• _Directions for this task_
Write out every record exactly as it appears. Skip the pictures.

• _Data in this exercise_
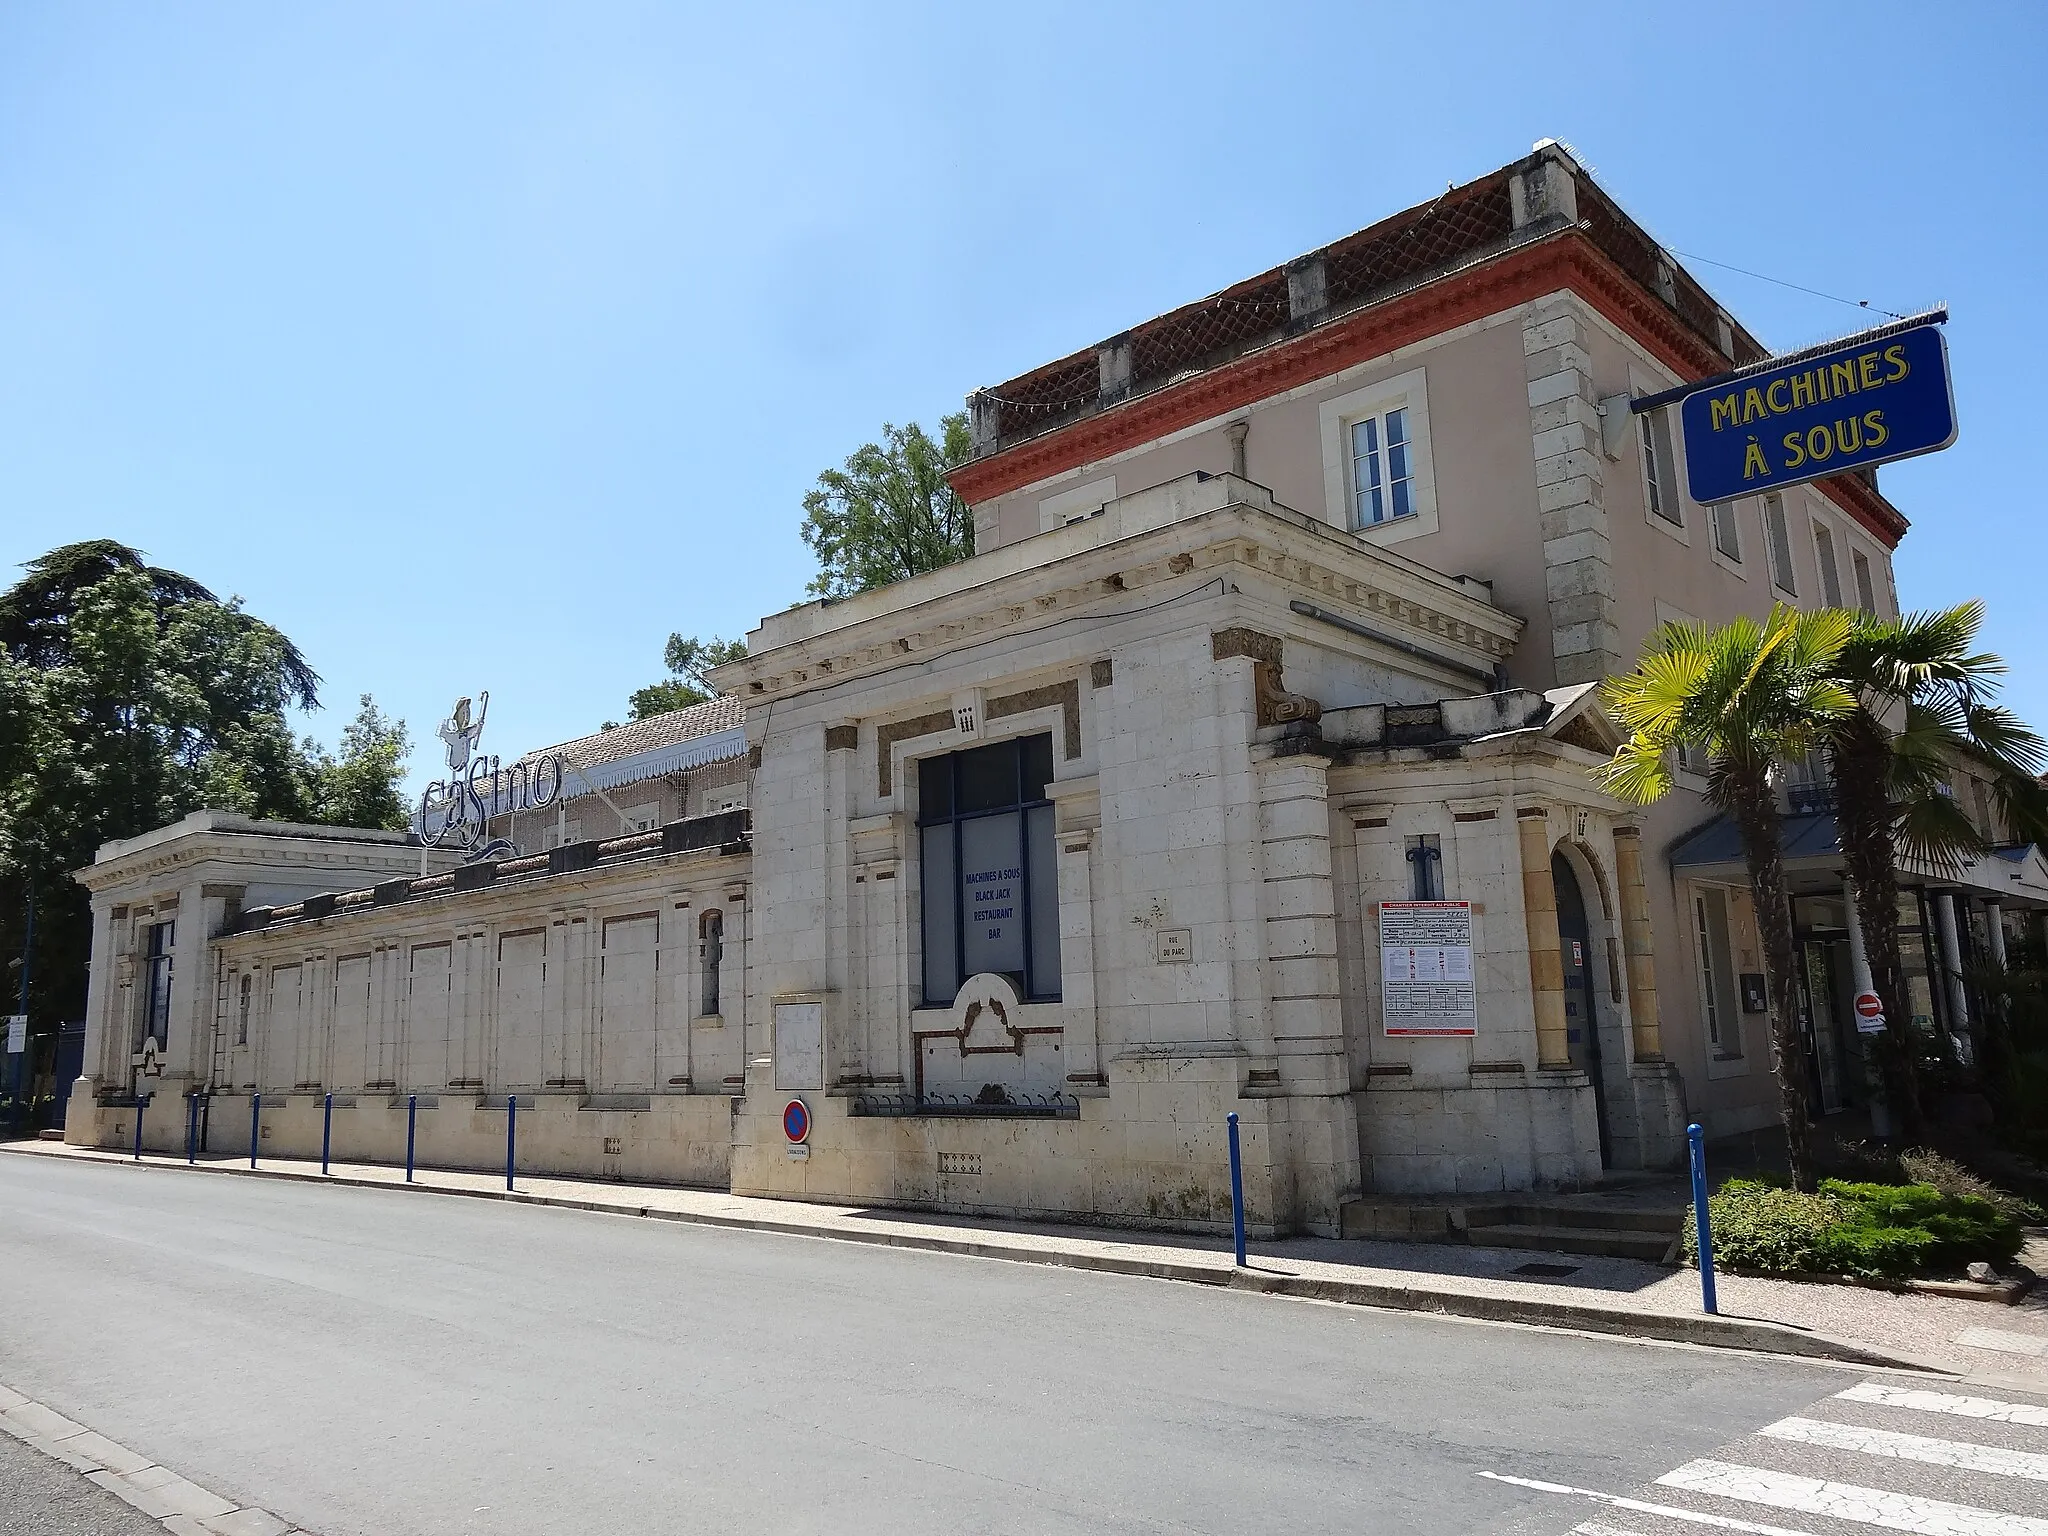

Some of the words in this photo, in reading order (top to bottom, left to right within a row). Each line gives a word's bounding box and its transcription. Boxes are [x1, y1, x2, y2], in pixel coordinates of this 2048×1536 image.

[1710, 345, 1911, 431] MACHINES
[1743, 435, 1771, 480] À
[1783, 410, 1889, 468] SOUS
[966, 871, 997, 884] MACHINES
[1003, 868, 1020, 879] SOUS
[976, 889, 994, 901] BLACK
[995, 888, 1011, 899] JACK
[974, 908, 1013, 921] RESTAURANT
[988, 928, 1001, 939] BAR

• _Your response_
Some of the words in this photo, in reading order (top to bottom, left to right within a row). Each line gives a word's bounding box and its transcription. Boxes are [x1, y1, x2, y2], in pixel coordinates of this 2048×1536 image.

[1710, 345, 1911, 431] MACHINES
[1743, 435, 1771, 480] À
[1783, 410, 1889, 468] SOUS
[966, 871, 997, 884] MACHINES
[1003, 868, 1020, 879] SOUS
[976, 889, 994, 901] BLACK
[995, 888, 1011, 899] JACK
[974, 908, 1013, 921] RESTAURANT
[988, 928, 1001, 939] BAR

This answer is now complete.